A scientific study has discovered that toddlers and younger children that constantly play or use devices with touchscreens such as tablets have less sleeping time. The more toddlers play with touchscreen devices the less they get to sleep, according to a study released on Thursday that suggests the findings could be cause for concern. For every hour of using a touchscreen phone or tablet during the day, children aged six months to three years got to sleep 16 minutes less in each 24 hour period. The researchers reported this in the journal Scientific Reports. However, the study could not determine conclusively if the extra screen time was responsible for children sleeping less, or if the loss of sleep had any adverse health effects.

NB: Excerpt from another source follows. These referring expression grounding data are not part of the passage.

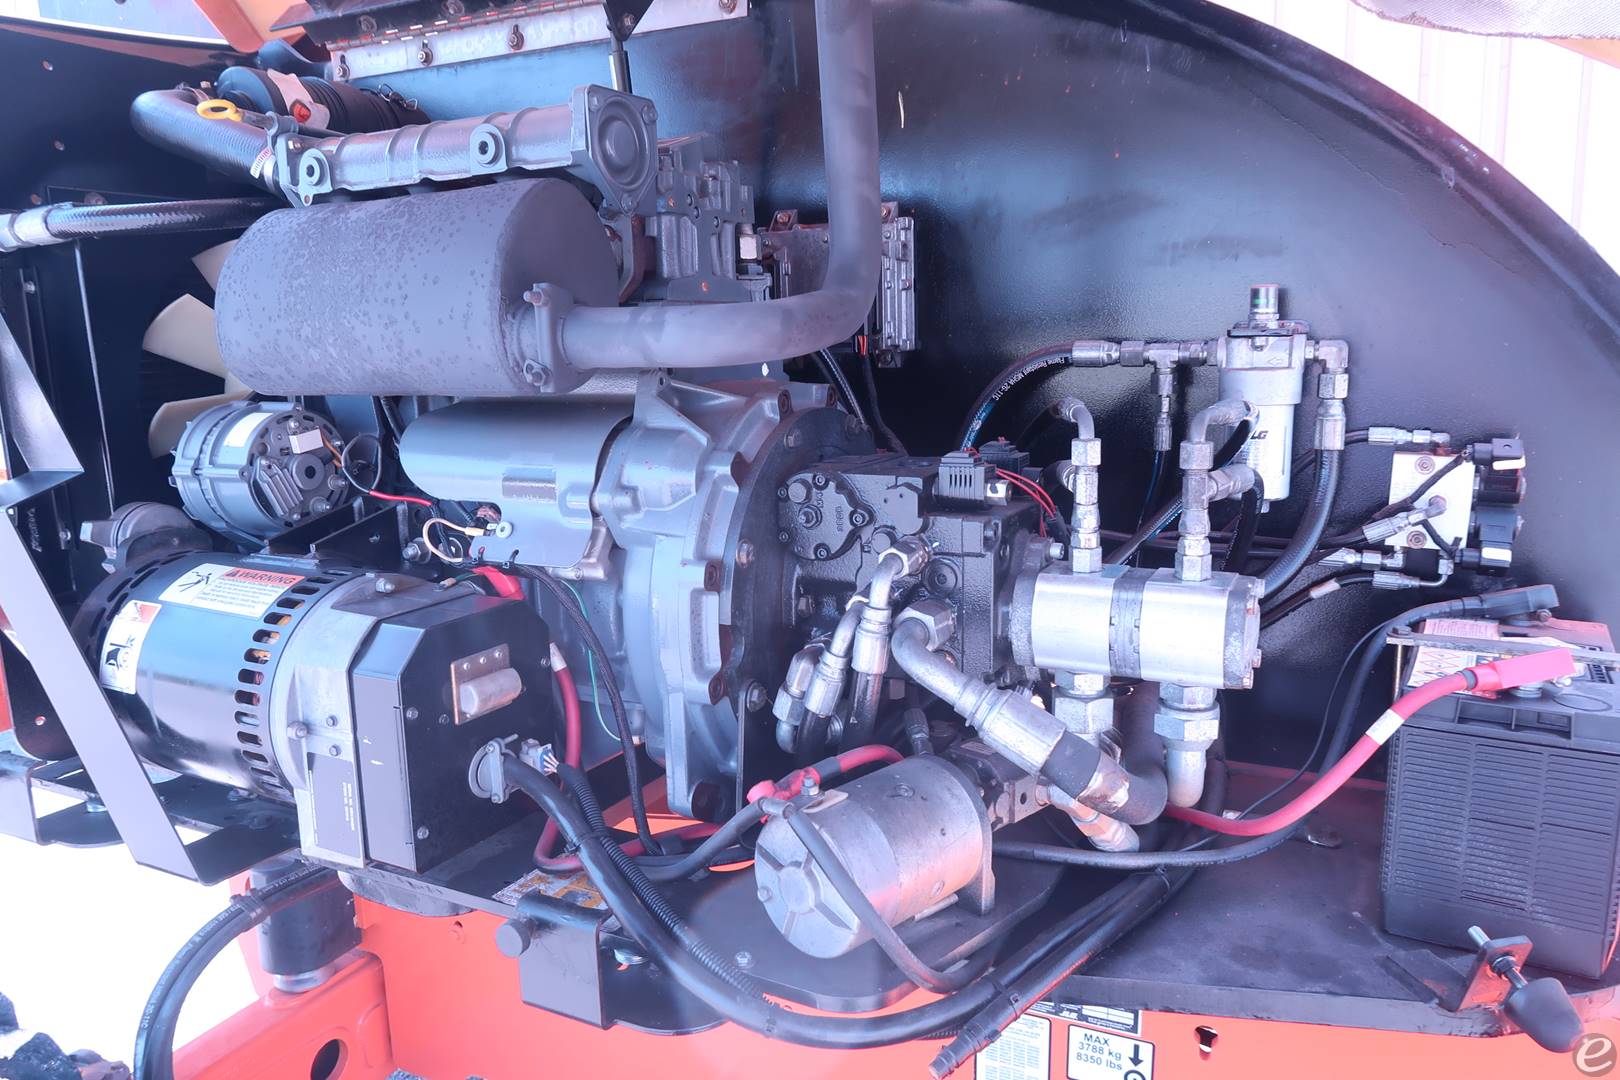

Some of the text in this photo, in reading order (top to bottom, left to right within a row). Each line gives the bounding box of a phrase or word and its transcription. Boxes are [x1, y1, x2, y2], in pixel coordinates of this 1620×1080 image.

[1047, 356, 1065, 365] Flame
[1249, 430, 1269, 440] LG
[237, 570, 297, 585] WARNING
[1083, 1032, 1110, 1047] MAX
[1078, 1041, 1121, 1062] 3788 kg
[1076, 1051, 1122, 1071] 8350 lbs

An expert not involved in the research and simply analyzing the results said that the research should be interpreted with extreme caution. Sleep is critical for cognitive development, especially during the first few years of life in children when the brain and sleep patterns should evolve together and be synchronized. In earlier research going back to the 1970’s and 80’s, they have shown that television watching and extreme video game use are linked to sleep problems in children. However, the increasing use of touchscreen technology by an even younger generation of children remained unexplored.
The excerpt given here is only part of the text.